Nine banks currently offer Internet merchant accounts. You need to set up an Internet merchant account even if you already have an account for face-to-face transactions. On top of the £200-ish sign-up fee, expect to pay additional day-to-day charges based on either a fixed fee or a percentage of your sales. For example, credit card payments often attract a commission fee, while fixed fees often apply to debit card transactions.
Setting up a merchant account is quite an investment in time and effort. In Chapter 13, we get into the details of a merchant account and explain exactly where all these costs go.

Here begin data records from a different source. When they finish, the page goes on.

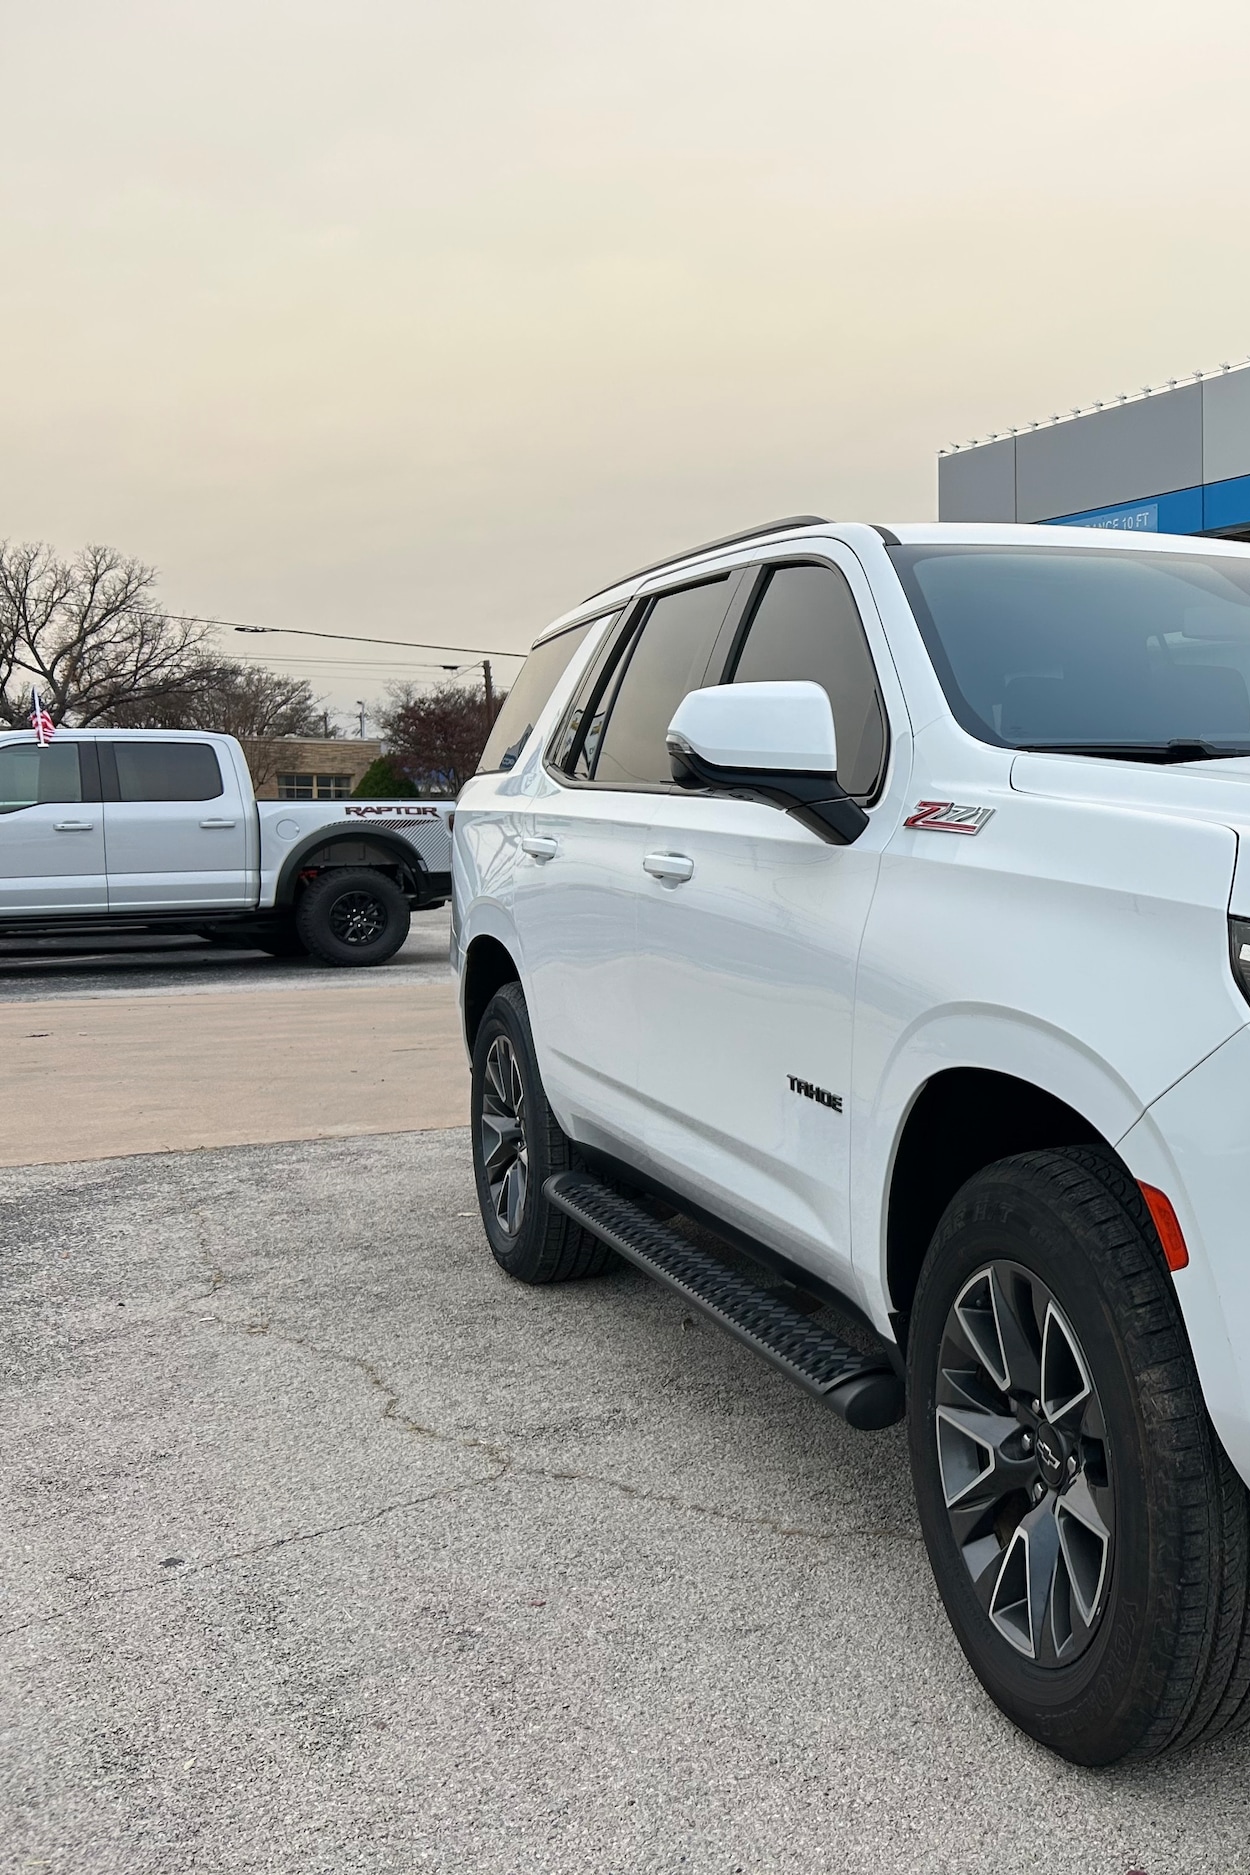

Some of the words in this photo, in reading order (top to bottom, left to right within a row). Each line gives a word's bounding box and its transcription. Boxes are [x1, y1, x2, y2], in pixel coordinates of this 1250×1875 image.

[1122, 516, 1134, 531] 10
[1136, 512, 1150, 528] FT
[344, 806, 442, 819] RAPTOR
[902, 800, 997, 836] Z71
[786, 1074, 843, 1114] TAHOE
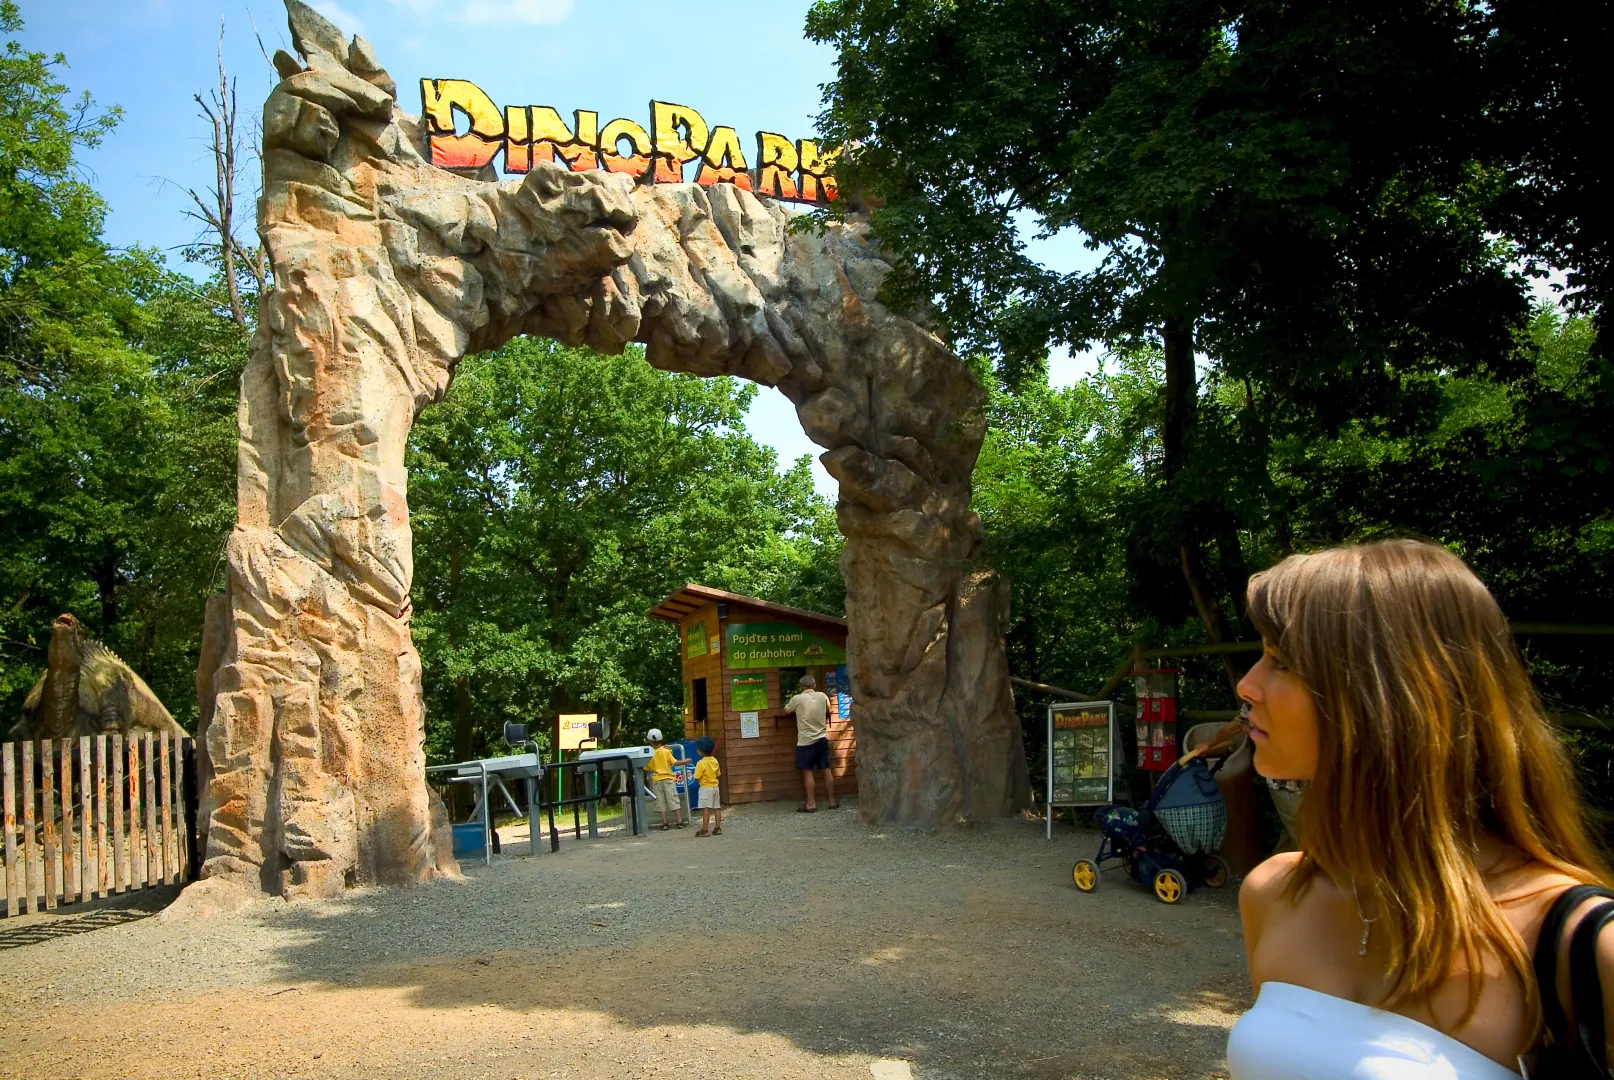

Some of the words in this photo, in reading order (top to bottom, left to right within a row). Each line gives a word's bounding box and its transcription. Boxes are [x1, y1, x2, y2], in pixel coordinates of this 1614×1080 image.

[732, 633, 768, 645] Pojďte
[770, 635, 776, 643] s
[778, 632, 803, 642] námi
[733, 650, 746, 660] do
[749, 649, 797, 660] druhohor

Home base: Your Web site offers you a free page – the About Me page – that’s the most important link to your business on eBay (see Chapter 3 for more information). The About Me page is part of your shop if you have one. You can insert a link on your About Me page that takes bidders to your auctions. You can link also to your own Web site from the About Me page!
If you don’t have your own Web site, I recommend that you get one, especially if you’re serious about running an eBay business. Check out Chapter 8, where I provide some tips on finding a Web host and a simple way to put up your own Web site.
You can keep your complete inventory of items on your Web site and list them as auctions or in your shop as their selling season comes around. No listing or final value fee is due when you have repeat customers on your Web site.

Setting up your shop

Office and storage space are a must if you plan to get big. Many a business was started at the kitchen table (that’s how Pierre started eBay), but to be serious with a business, you must draw definite lines between your home life and your online ventures. Concentrating when you have a lot of noise in the background is difficult, so when I say draw a line, I mean a physical line as well as an environmental one.

Your dedicated office

You must first separate the family from the hub of your business. Many eBay sellers use a spare bedroom As time progresses and your business grows, you may have to move, maybe into your garage. Remember, you’ll need electricity and phone lines, lighting and furniture. And don’t forget storage space for your saleable items.
One PowerSeller that we know moved all the junk out of his cellar and set up shop there. He now has three computers and employs his wife and a part-time lister (who put his auctions up on eBay) to run the show. This guy’s cellar office is networked and is as professional as any office.

Your eBay room

If you’re able to set up an office, your storage space should be ensured for a while. For a real business, a cupboard just won’t do. Seclude your stuff from your pets and family by moving it into another room and get shelving to organise your merchandise and admin properly. We talk more about organising your business in Chapter 17.